Reading outside this means that for the three years of student life, one won’t simply read things written on two corners of the Atlantic, but encounter high-quality writing regardless of its genesis or apparent critical import. Critical reading is valuable and fascinating, though it is only one method and motive of reading.
The great stumbling block of an English major in particular is that the class offerings are very specific, though budget constraints prohibit the faculty from offering enough classes for such specificity to be reflected in a textual variety. This makes reading for pleasure even more essential: you can run a quasi parallel curriculum, reading what you like, when you like. I have tried to pad out the unavoidable limitations that come with doing an English degree through a program of wider reading. You should too!
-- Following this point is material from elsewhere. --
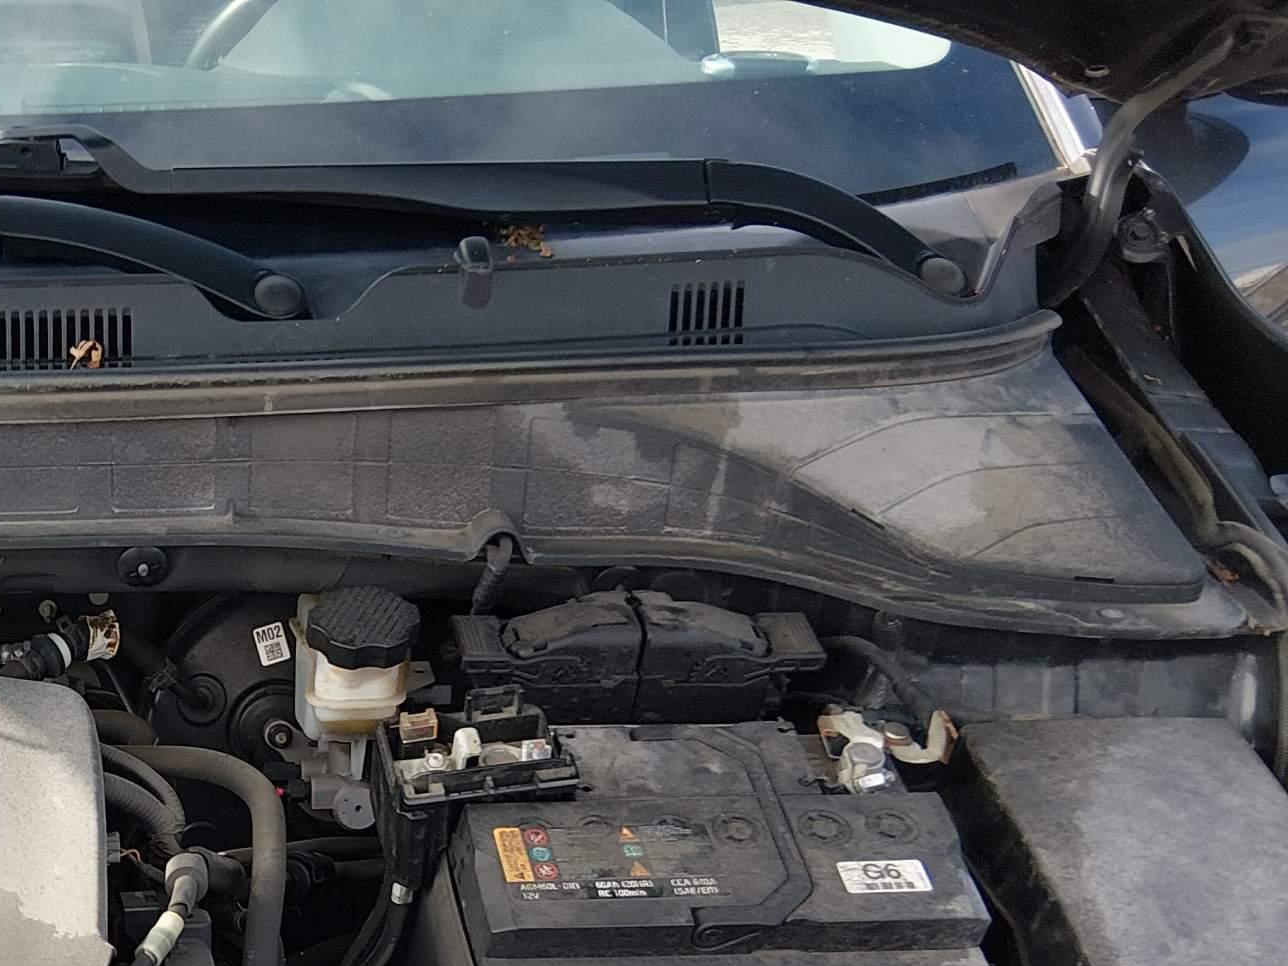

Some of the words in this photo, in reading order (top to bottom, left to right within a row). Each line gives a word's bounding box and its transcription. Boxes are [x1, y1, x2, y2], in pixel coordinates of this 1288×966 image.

[255, 625, 283, 644] M02
[863, 863, 901, 879] G6
[522, 892, 539, 900] 12V
Of course, this observation does not ring true simply for those doing English degrees. Fundamentally, reading for the fun of it brings colour to life. Let us do away with the snobbish pretensions of those who claim some books are better than others. Indeed, casual reading is probably of the greatest benefit to people who study degrees totally separate to the humanities — if future doctors, economists, or office drones have a wide and warm cultural soup to dip their mental bread into when the occasion arises, ours will be a flowering and robust society. Pick up a book!
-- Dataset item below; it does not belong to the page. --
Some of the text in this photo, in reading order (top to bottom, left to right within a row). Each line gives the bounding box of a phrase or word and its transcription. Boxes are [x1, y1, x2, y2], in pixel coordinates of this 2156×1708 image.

Reading for its own sake is a tool of self-education. It is a way of broadening your literary intake outside the tenuous fustiness of a ‘canon’ or the expected texts that unsurprisingly arise in reading lists.
Pleasurable reading during term is essential for it is reading outside academic or analytical parameters. One third-year English student I spoke to felt that literary enjoyment during term time let him “train their brain” to not simply associate the “act of reading” with class. Reading for the fun of it reclaims the act from analysis. The humor and beauty of language stands on its own. A poem is a poem as much as it is a seed of discussion. It removes literature from the instrumental realm of assignments and instead sees it as a thing that ought to be celebrated and enjoyed for its own sake.
To read for its own sake is to be washed over by a sea of text. Sentences and clauses flow out like a lighthouse beam amidst the darkness of ignorance. This reading for experience rather than analytic interpretation is the central value of reading for pleasure. After months of scanning latin hexameters or trying to understand why Orlando chiseled poetry into Rosalind’s tree, it is a blessed relief to not have to hair-split. There is nothing like “the simple rhythm of mental absorption,” as Nabokov’s Kinbote saw it when stumbling into his neighbour’s hedgerow.
The most valuable reading experiences are those that burrow into the soul.
Memorise a poem. Write silly notes in margins that you’ll laugh at twenty years from now. Let the books fall apart with underlines and bent pages. Weep on train carriages in the fading light, for literature’s great power lies in the way the inner lives of characters and ideas are bodied forth in language. Last week I walked around Fisher for a while late at night, reading a poem over to myself in my head. It almost felt far more educational than any classroom.